[Opening EXTRACTED DATA section]
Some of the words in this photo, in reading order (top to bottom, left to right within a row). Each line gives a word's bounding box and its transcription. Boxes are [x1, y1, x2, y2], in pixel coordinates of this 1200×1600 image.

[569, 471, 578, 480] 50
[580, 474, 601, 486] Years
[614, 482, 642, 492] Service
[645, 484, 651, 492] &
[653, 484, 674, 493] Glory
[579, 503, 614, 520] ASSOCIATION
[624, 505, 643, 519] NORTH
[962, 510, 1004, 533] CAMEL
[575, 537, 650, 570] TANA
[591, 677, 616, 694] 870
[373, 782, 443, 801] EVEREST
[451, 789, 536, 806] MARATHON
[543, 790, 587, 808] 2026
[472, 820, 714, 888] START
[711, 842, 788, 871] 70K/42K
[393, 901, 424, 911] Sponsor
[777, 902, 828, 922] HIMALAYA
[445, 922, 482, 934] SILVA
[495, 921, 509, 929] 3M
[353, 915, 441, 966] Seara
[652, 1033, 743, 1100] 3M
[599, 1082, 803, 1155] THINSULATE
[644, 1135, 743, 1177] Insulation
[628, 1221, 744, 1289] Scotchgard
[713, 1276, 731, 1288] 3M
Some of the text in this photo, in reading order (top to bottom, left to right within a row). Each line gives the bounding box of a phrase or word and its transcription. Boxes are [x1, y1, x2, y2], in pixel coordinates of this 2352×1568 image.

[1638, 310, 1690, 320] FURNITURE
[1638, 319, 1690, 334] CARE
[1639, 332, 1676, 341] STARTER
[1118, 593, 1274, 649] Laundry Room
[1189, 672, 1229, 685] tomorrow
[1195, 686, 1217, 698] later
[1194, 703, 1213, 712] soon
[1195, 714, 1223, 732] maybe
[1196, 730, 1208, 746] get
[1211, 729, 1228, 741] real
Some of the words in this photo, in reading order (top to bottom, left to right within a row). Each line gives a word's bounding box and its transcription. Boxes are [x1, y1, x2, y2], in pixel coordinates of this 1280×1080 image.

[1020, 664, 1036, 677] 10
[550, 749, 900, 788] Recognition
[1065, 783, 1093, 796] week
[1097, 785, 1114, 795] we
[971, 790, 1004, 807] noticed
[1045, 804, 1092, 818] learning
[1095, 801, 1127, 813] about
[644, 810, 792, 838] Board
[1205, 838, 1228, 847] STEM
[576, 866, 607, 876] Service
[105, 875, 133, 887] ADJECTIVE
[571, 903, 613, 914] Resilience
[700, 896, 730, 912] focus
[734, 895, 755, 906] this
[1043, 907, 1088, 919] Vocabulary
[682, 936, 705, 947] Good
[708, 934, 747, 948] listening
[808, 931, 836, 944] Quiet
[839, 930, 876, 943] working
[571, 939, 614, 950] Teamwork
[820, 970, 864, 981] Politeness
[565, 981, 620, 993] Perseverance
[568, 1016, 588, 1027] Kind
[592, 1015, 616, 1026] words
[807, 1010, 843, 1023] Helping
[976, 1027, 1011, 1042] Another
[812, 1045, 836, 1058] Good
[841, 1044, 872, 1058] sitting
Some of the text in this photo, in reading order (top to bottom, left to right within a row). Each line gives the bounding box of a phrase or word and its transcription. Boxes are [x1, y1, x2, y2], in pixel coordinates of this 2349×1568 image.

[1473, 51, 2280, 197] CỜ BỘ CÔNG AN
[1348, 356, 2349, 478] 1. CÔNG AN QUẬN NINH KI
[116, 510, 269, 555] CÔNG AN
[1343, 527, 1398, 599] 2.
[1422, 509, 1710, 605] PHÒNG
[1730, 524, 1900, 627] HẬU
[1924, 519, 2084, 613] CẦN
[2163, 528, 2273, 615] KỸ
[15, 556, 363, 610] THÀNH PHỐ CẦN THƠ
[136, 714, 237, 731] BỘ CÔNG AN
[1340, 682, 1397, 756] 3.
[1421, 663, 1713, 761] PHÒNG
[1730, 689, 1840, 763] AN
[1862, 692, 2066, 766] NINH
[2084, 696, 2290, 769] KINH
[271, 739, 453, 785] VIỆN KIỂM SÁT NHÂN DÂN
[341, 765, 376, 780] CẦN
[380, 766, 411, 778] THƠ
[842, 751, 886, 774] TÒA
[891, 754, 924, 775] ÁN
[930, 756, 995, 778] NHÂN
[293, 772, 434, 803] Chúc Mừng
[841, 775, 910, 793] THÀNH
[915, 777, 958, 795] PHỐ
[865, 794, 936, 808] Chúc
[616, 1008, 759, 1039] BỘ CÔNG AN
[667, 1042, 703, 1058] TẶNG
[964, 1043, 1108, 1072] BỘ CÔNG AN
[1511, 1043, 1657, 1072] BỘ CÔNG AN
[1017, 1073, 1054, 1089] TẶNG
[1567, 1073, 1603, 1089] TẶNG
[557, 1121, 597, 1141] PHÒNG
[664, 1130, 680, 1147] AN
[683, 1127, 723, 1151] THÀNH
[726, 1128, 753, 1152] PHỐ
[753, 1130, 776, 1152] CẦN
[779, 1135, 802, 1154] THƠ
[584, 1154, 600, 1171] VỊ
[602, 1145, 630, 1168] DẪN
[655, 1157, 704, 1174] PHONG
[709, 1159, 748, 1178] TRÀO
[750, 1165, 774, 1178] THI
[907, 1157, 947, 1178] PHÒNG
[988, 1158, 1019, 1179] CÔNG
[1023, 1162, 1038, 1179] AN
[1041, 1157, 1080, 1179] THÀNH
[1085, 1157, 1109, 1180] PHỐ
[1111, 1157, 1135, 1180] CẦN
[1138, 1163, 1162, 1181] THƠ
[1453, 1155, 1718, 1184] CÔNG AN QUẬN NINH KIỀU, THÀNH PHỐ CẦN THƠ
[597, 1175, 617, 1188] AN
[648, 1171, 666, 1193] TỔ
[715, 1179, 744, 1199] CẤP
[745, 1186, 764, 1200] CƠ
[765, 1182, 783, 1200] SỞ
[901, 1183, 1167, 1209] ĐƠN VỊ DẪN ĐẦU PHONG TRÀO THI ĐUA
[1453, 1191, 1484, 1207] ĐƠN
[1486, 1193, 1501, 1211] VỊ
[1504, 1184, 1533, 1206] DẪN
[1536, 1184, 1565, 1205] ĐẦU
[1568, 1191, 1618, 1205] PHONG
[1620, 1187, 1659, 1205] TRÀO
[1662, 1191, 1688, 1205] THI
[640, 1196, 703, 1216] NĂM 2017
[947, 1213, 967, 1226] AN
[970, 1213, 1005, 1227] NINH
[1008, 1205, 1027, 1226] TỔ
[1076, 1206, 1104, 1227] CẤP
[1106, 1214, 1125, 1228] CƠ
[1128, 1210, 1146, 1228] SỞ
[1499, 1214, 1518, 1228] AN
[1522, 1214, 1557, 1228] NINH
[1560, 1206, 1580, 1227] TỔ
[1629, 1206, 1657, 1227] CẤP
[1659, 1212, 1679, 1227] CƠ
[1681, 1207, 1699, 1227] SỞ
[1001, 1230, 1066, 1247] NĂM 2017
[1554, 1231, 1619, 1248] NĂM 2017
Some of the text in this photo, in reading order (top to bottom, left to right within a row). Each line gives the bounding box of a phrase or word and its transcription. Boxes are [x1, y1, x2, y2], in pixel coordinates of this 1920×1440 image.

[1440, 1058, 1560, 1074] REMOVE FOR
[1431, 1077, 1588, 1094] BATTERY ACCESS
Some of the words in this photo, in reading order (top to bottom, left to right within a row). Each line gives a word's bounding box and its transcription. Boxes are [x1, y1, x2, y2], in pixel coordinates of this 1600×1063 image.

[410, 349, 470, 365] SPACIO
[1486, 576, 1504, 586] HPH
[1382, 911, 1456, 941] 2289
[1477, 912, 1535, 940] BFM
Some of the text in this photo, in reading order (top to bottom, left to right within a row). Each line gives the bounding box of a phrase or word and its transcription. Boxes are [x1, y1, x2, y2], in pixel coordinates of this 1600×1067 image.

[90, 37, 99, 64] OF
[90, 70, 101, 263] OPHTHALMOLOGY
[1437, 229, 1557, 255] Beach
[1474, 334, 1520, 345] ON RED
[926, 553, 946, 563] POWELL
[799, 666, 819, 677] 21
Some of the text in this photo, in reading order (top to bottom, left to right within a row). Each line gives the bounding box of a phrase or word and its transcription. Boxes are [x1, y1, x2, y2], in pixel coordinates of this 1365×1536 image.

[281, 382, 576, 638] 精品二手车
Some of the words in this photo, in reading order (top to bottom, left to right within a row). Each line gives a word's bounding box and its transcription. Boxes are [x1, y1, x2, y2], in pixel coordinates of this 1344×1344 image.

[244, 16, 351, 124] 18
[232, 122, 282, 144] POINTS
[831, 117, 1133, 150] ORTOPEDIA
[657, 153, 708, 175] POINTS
[Closing EXTRACTED DATA section]
**WHAT YOU ARE ASKED TO DO**: Give exactly, and nothing besides, the lines from the one in which "this 1600×1063 image." occurs through the end of the records.

**SOLUTION TO THIS TASK**:
Some of the words in this photo, in reading order (top to bottom, left to right within a row). Each line gives a word's bounding box and its transcription. Boxes are [x1, y1, x2, y2], in pixel coordinates of this 1600×1063 image.

[410, 349, 470, 365] SPACIO
[1486, 576, 1504, 586] HPH
[1382, 911, 1456, 941] 2289
[1477, 912, 1535, 940] BFM
Some of the text in this photo, in reading order (top to bottom, left to right within a row). Each line gives the bounding box of a phrase or word and its transcription. Boxes are [x1, y1, x2, y2], in pixel coordinates of this 1600×1067 image.

[90, 37, 99, 64] OF
[90, 70, 101, 263] OPHTHALMOLOGY
[1437, 229, 1557, 255] Beach
[1474, 334, 1520, 345] ON RED
[926, 553, 946, 563] POWELL
[799, 666, 819, 677] 21
Some of the text in this photo, in reading order (top to bottom, left to right within a row). Each line gives the bounding box of a phrase or word and its transcription. Boxes are [x1, y1, x2, y2], in pixel coordinates of this 1365×1536 image.

[281, 382, 576, 638] 精品二手车
Some of the words in this photo, in reading order (top to bottom, left to right within a row). Each line gives a word's bounding box and its transcription. Boxes are [x1, y1, x2, y2], in pixel coordinates of this 1344×1344 image.

[244, 16, 351, 124] 18
[232, 122, 282, 144] POINTS
[831, 117, 1133, 150] ORTOPEDIA
[657, 153, 708, 175] POINTS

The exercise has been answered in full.